Mabed el-Cühenî bu görüşleri aldıktan sonra artık onu halk arasında yaymaya başlamıştır. Evzaî de şöyle der: "Kader konusunu ilk kez ağzına alan, Sevsen [Sinseveyh/sensüveyh] adında Iraklı bir kişiydi Bu adam Hıristiyan dinindendi. İslâm'a girmiş daha sonra tekrar hıristiyanlığa dönmüştür. İşte onun bu görüşlerine ondan alıp sahip çıkan Mabed el-Cûheni'dir, Gaylan adındaki kişi de Mabed el Cühenî'den bu fikirleri almıştır."
Kaderiye mezhebinin ilk ortaya attığı görüş şöyle idi; "Ortaya çıkan bir mesele ilk kez çıkmıştır." Yani bu konuda herhangi bir takdir geçmiş değildir. "Allah'ın ilminde daha önce böyle bir şey yoktu. Yüce Allah ancak o şeyi, meydana gelmesinden sonra bilir."

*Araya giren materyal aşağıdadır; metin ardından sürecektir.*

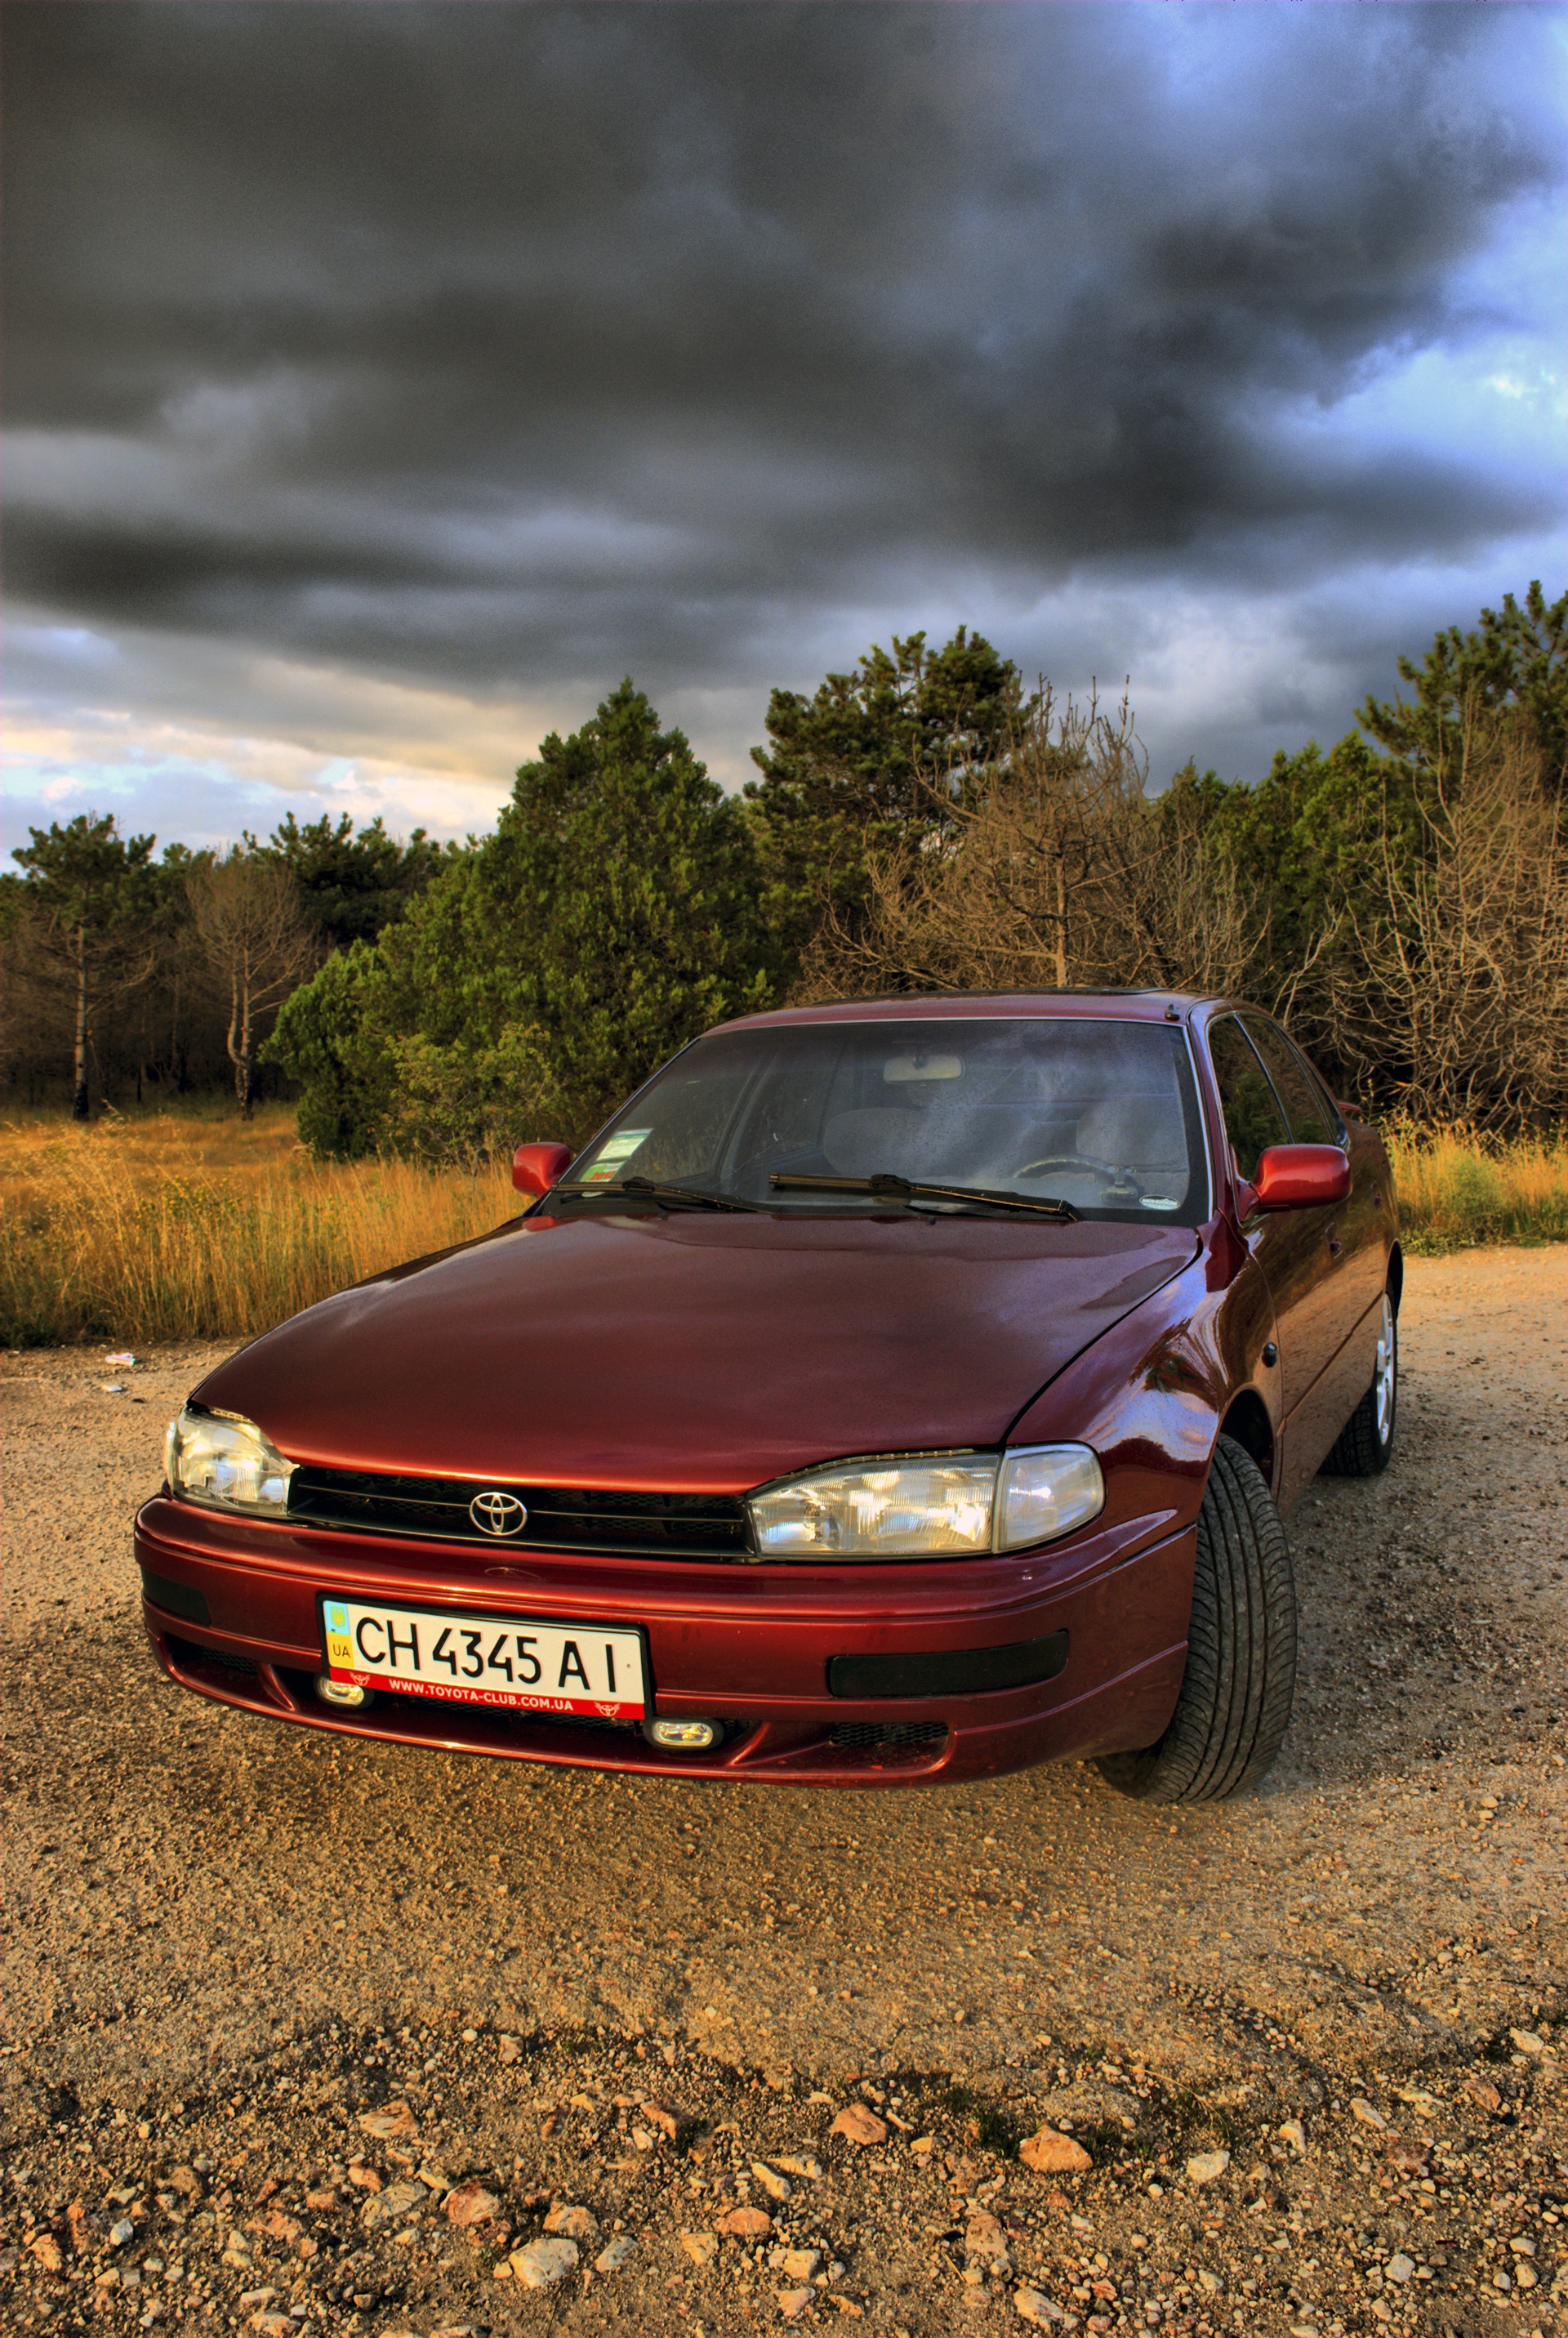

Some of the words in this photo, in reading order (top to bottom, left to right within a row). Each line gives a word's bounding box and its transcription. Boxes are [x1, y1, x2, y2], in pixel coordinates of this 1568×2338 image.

[332, 1644, 350, 1658] UA
[356, 1617, 421, 1671] CH
[432, 1628, 541, 1684] 4345
[558, 1640, 617, 1693] AI
[389, 1679, 573, 1711] WWW.TOYOTA-CLUB.COM.UA

Bu Mabed el-Cüheni zamanın halifesi Abdülmelik tarafından öldürtülünce fikirleri Şam'da Gaylan ed-Dimaşkî tarafından yayılmaya başlandı. Gaylan da zamanın halifesi Ömer bin Abdülaziz tarafından öldürülmek üzere iken canını kurtarmak amacı ile sapık görüşlerinden tevbe ettiğini açıkladı. Fakat halifenin ölümünü fırsat bilerek kaderi inkar konusundaki eski küfrüne geri dönünce Kaderiyye'ye karşı sert davranışlarıyla bilinen halife Hişam bin Abdülmelik'in emri ile zamanın büyük alimlerinden İmam Evzai tarafından imtihan edilmiş ve bunun sonucunda el ve ayakları kesilerek bir çöplüğe atılmıştır. Fakat Gaylan ed- Dımaşki burada da kaderi inkar fikrini yaymaya devam edince önce dili sonra da başı kesilerek öldürülmüştür. Başka bir rivayete göre de öldürüldükten sonra Dımaşk kapısına asılmış ve halka teşhir edilmiştir.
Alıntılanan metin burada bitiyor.